Si asumimos que no habría trilero sin jugador, lo mismo tendríamos que hacer a propósito de la existencia contigua entre el político que produce falsedades y el ciudadano que se las cree.
Las campañas políticas son un momento perfecto para aproximarse a este tema. No hay otra temporada más intensa en ofertas ilusorias destinadas a potenciar la ingenuidad. El mejor político es aquel que logra convencer a su público de que votar por él es lo más inteligente que puede hacer, lo más patriótico, histórico, esencial, primordial, trascendente, extraordinario.
De ahí que los discursos de campaña, conforme se acerca la jornada de la elección, sean cada vez más exaltados.
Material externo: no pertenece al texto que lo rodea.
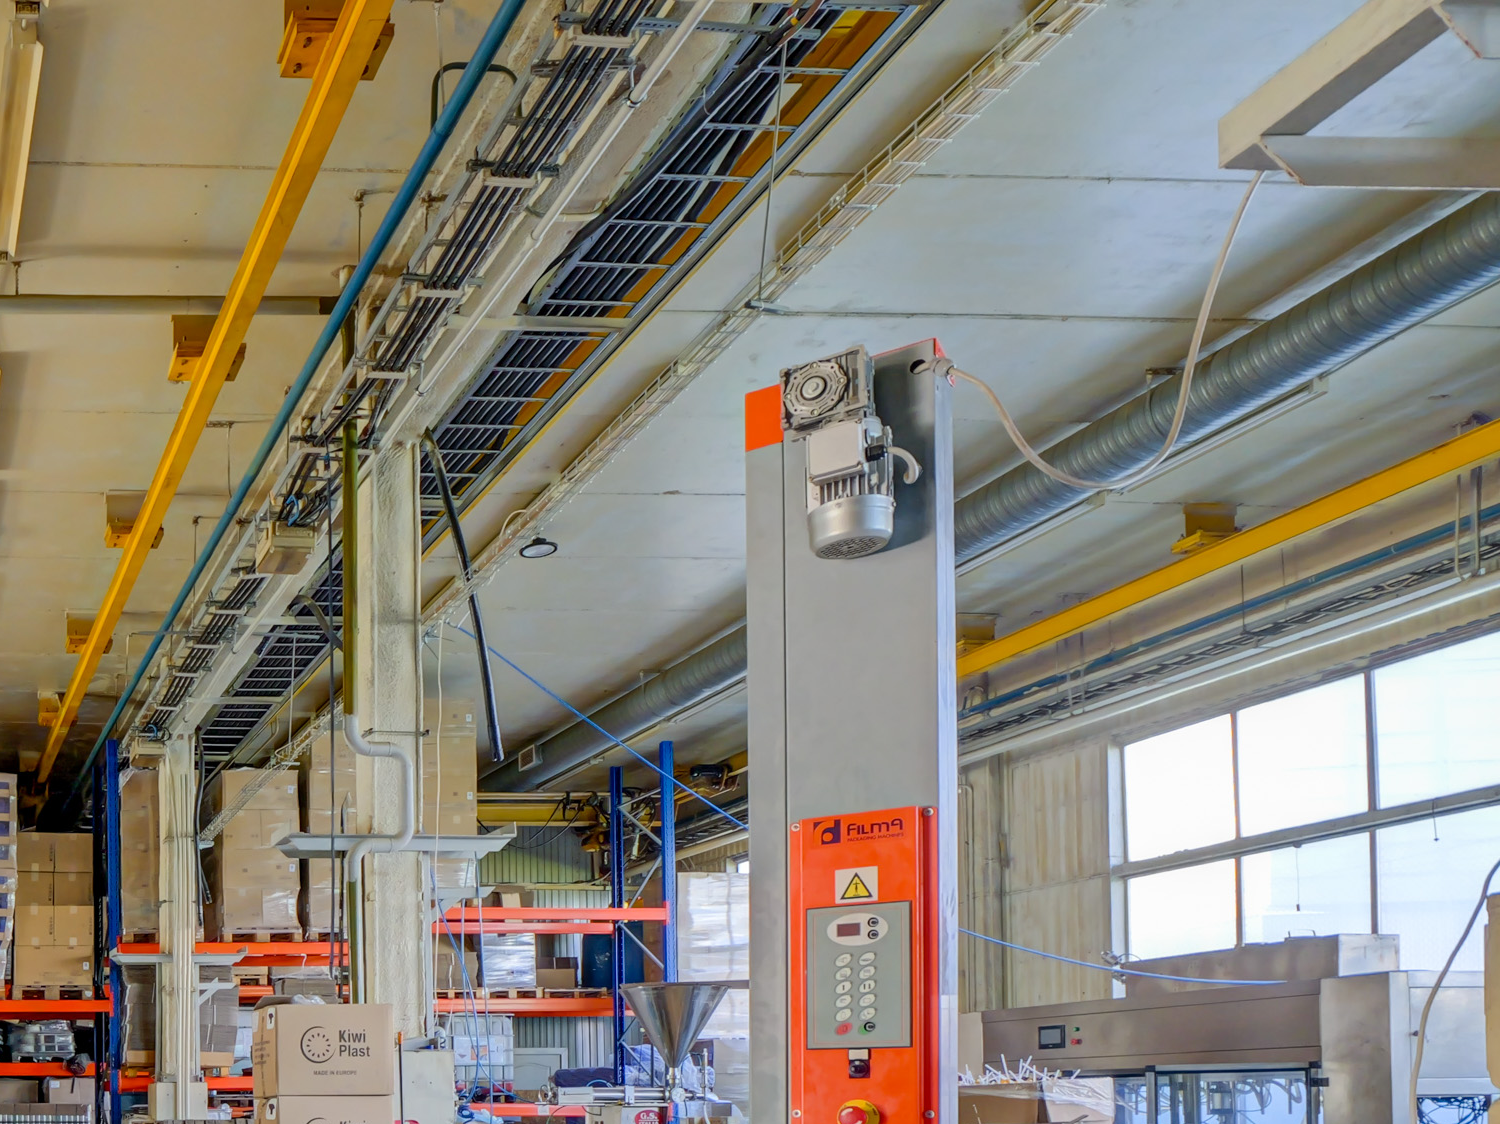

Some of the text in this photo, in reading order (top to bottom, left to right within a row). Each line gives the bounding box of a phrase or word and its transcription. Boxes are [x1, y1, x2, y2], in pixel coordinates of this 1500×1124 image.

[847, 818, 903, 836] FILMA
[338, 1029, 366, 1043] Kiwi
[339, 1044, 371, 1057] Plast
[640, 1112, 658, 1120] G.S.
Se trata de acto destinado a movilizar emociones más que razones. Y para funcionar, igual que el juego callejero de la bolita, es también indispensable el coro que aprueba la apuesta, la dobla y la festeja.
No estoy afirmando en este texto que todo en política sea un actuar engañoso. Tampoco que toda conducta ciudadana sea ingenua o incauta. Sin embargo, en esta temporada de huracanes políticos bien nos haría falta a las personas votantes tomar distancia respecto de las verdaderas intenciones del trilero.
Hay una medicina que sirve para ello. El político que refuerza nuestros prejuicios tiende a ser el prestigiador más peligroso. Por tanto, si nos queremos ahorrar la decepción, la mejor manera de escaparnos al engaño es desconfiar de esos mismos prejuicios.